What I want to know is, how do ya'll afford to take so many tests? I have 3 in my cabinet but am saving them, I think, for when we TTC again...

I had a bloodtest on the 10th that showed 14,000 and on the 12th that showed 9,000 so I have a long ways to go.


----------



## alegna (Jan 14, 2003)

Quote:


Originally Posted by *WeasleyMum* 
What I want to know is, how do ya'll afford to take so many tests? I have 3 in my cabinet but am saving them, I think, for when we TTC again...

Dollar Tree. I'm stalking my local one right now for their next shipment.

-Angela


----------



## Cardinal (Feb 6, 2006)

Quote:


Originally Posted by *WeasleyMum* 
What I want to know is, how do ya'll afford to take so many tests?
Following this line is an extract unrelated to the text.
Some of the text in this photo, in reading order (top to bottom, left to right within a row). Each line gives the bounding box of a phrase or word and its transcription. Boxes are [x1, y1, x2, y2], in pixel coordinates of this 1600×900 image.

I have 3 in my cabinet but am saving them, I think, for when we TTC again...

I had a bloodtest on the 10th that showed 14,000 and on the 12th that showed 9,000 so I have a long ways to go.
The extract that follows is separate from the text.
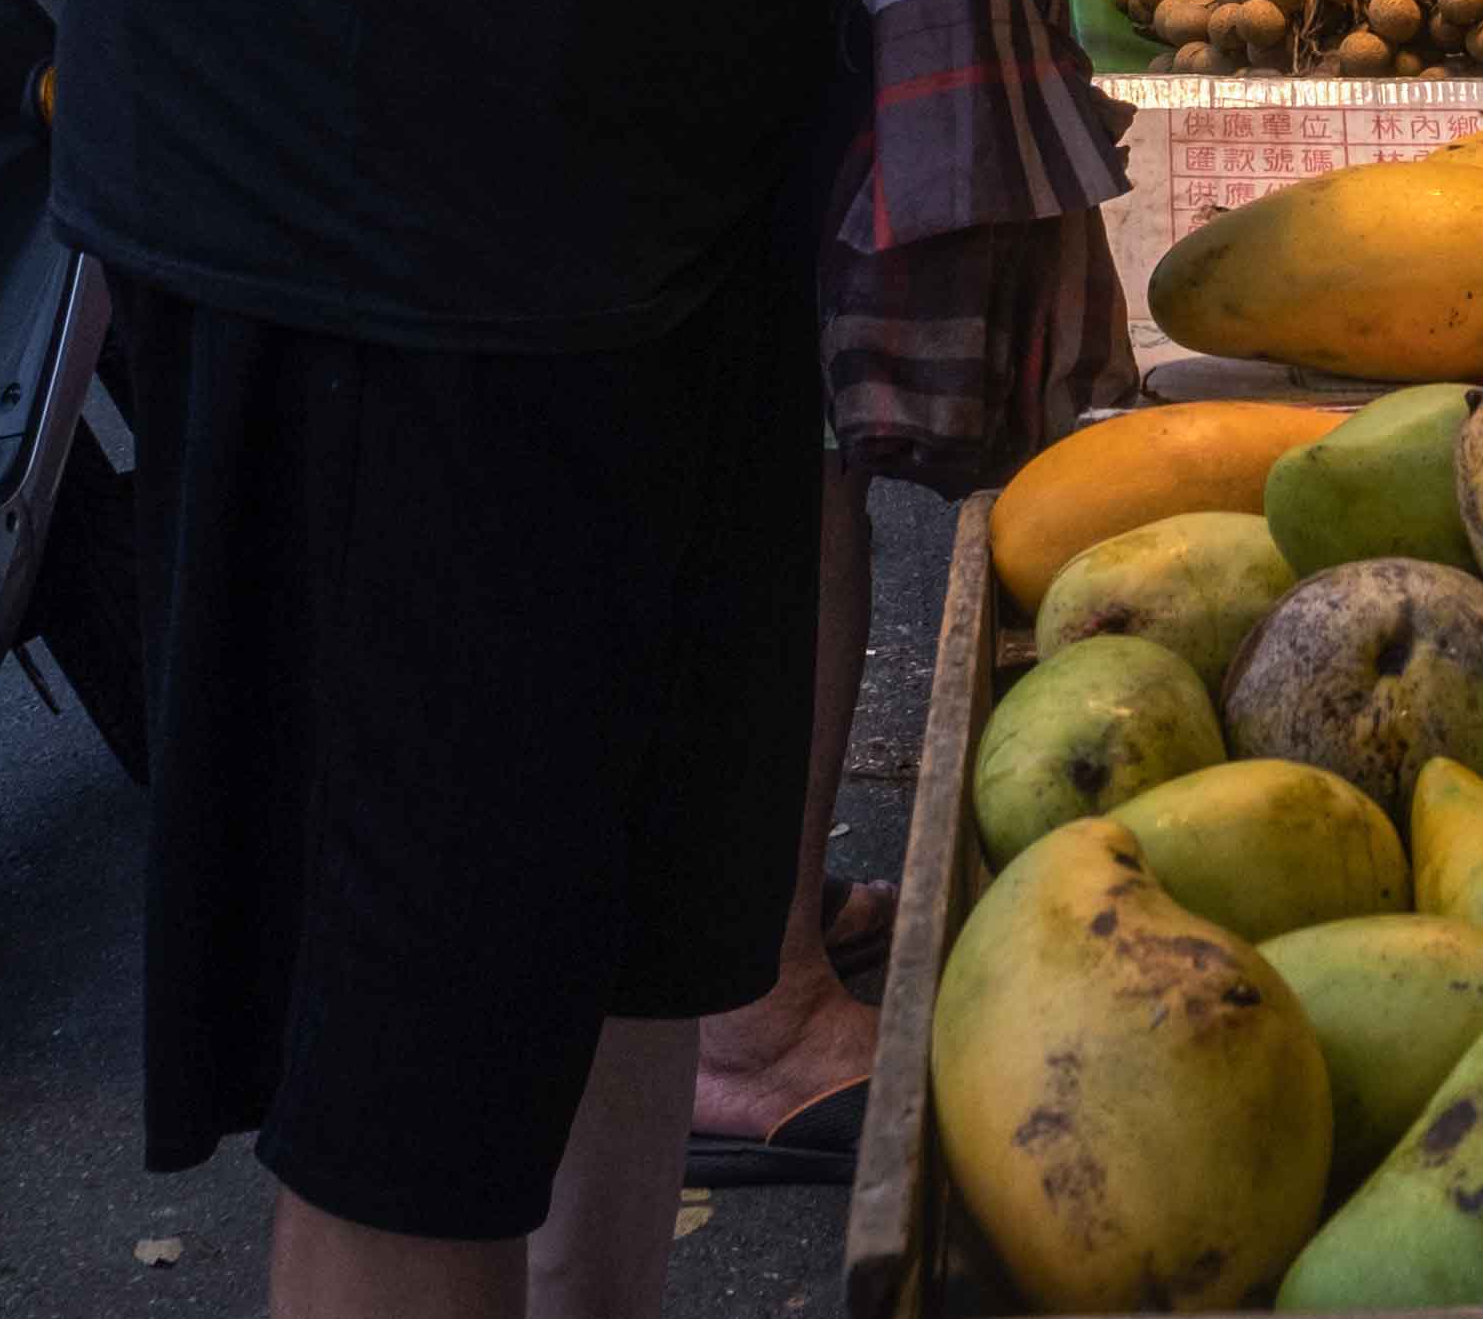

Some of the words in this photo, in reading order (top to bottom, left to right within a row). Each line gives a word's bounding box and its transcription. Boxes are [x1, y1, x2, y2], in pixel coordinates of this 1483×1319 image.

[1181, 113, 1335, 141] 供應單位
[1185, 144, 1335, 174] 匯款號碼
I was wondering about the prego tests too!

the first menstrual period after a m/c really seems to help. i was told by our nurse that the first period would really wipe out the pregnancy titres. hth.


----------



## alegna (Jan 14, 2003)

Yeah- they're super $$ everywhere else, but the dollar tree ones work great too. And can't beat a dollar









-Angela


----------



## theboysmama (Sep 21, 2005)

w/ my first m/c it was 10wks before I got a neg test and don't think that i o'd before af and at 12wks got af.

w/ my 2nd m/c it i o'd 4 wks after and got pg right away. never had af.


----------



## Cardinal (Feb 6, 2006)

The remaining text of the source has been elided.